Occasionally people ask me whether ACP is a Pentecostal church. What I have come to love so much about this congregation is that every Sunday is Pentecost. We are a diverse congregation located in a very international city. We represent a rainbow of colors and a rich tapestry of languages, backgrounds, traditions, cultures, and nations journeying every week to worship God here.
To be truly Pentecostal is to hear and receive the Holy Spirit with anticipation and openness. It also means being empowered to proclaim the gospel of God’s grace to others in appropriate and contextual ways. While the specific gift of speaking in tongues or in another language is wonderful, the metric for being filled with Spirit is love.
As the apostle Paul writes in Galatians, we are called to “live by the Spirit”. When this happens the works of the flesh, which include quarrels, strife, factions, enmity, anger no longer are part of who we are as individuals or a community. Those are barriers that prevent people from hearing and believing the gospel. I confess at times I am afraid to yield to the Holy Spirit’s working in my life. Sometimes it is pride and my desire to make a name for myself or accomplish goals apart from God. Other times, I am not willing to allow the Spirit to break down barriers I have constructed. They might not be language barriers, but rather cultural or ones steeped in religious tradition.
What would it look like for us to hear the Holy Spirit today? Are we desiring the Pentecostal first-fruits of the new covenant, which Paul defines beginning with love, joy, peace, patience, kindness, generosity, faithfulness, gentleness, and self-control. Are we a church that seeks to bring God’s love to all nations, wherever we are located?
This month thirteen young adults from ACP spent a week in Braga, Portugal volunteering for Habitat for Humanity. I had the privilege of seeing a committed and diverse team travel to a foreign country and work towards a common goal in spite of cultural difference, religious distinctions, and language barriers. One quickly learns that a “thumbs up” goes a long way towards increasing morale while a frown and shaking of the head is a clear indicator that something was not done correctly.

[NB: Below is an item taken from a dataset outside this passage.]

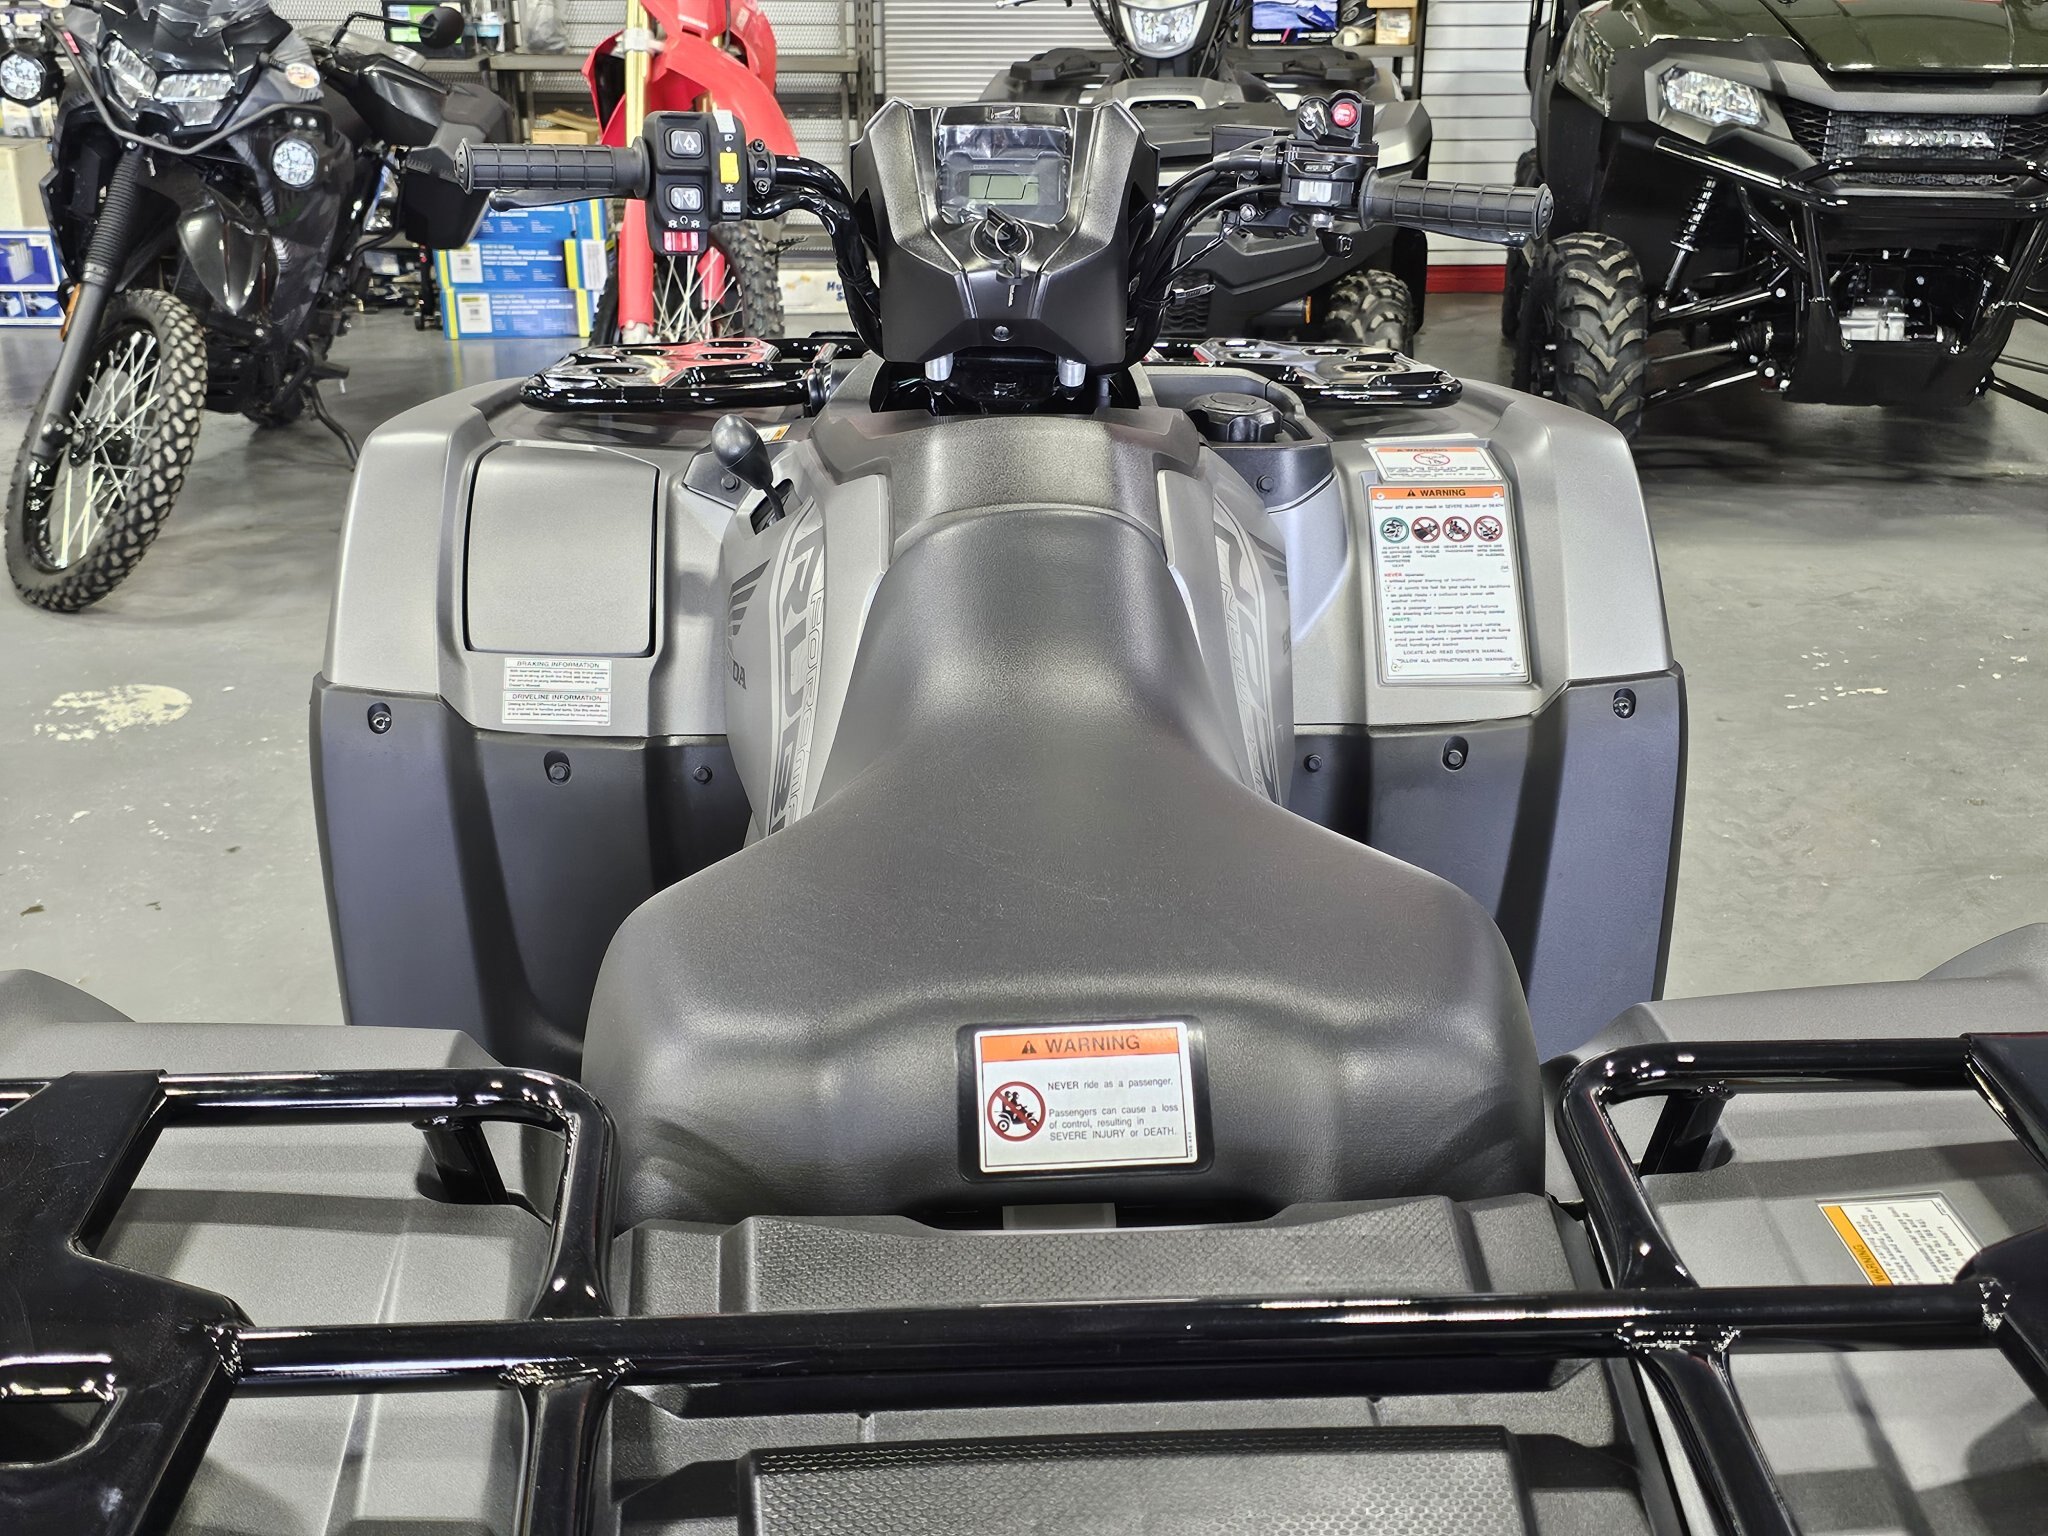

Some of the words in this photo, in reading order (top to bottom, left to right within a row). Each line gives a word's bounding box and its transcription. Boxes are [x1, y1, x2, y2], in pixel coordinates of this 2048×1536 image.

Though at times, language did prove to be a barrier, we experienced the universal language of love. One of the houses we worked on was for the Cruz family who lived in a rural mountainous area outside of Braga. Through our translator the family shared they had been trying to build an home with the government’s help for over 10 years and that recently, because of a new policy, their aid ceased. The Cruz family was left with a partially-built home and no money to finish. Just when things could not get worse, two months ago tragically their 22-year daughter died during the night. Tears filled our eyes as the story was told to us and without having to say anything, team members embraced the Cruz family and prayed for them. By the end of the prayer, no translation was necessary because everyone, including the Cruz family was praying and the presence of Christ was felt. For as Mark Twain also said, “Kindness is the language which even the deaf can hear and the blind can see.”
We live in a broken world in which the peace and harmony God created has become the confusion and discord of the world man has created. Pentecost reminds us that when we open ourselves to God’s will and working, the truly miraculous can happen; God’s divine love for humanity becomes ours and the diversity of many voices are heard and affirmed and the gospel in articulated, communicated and contextualized in a way that speaks to peoples’s heart. All of this is done by the power of the Holy Spirit and for the glory of God, to make a name for God in all of the world.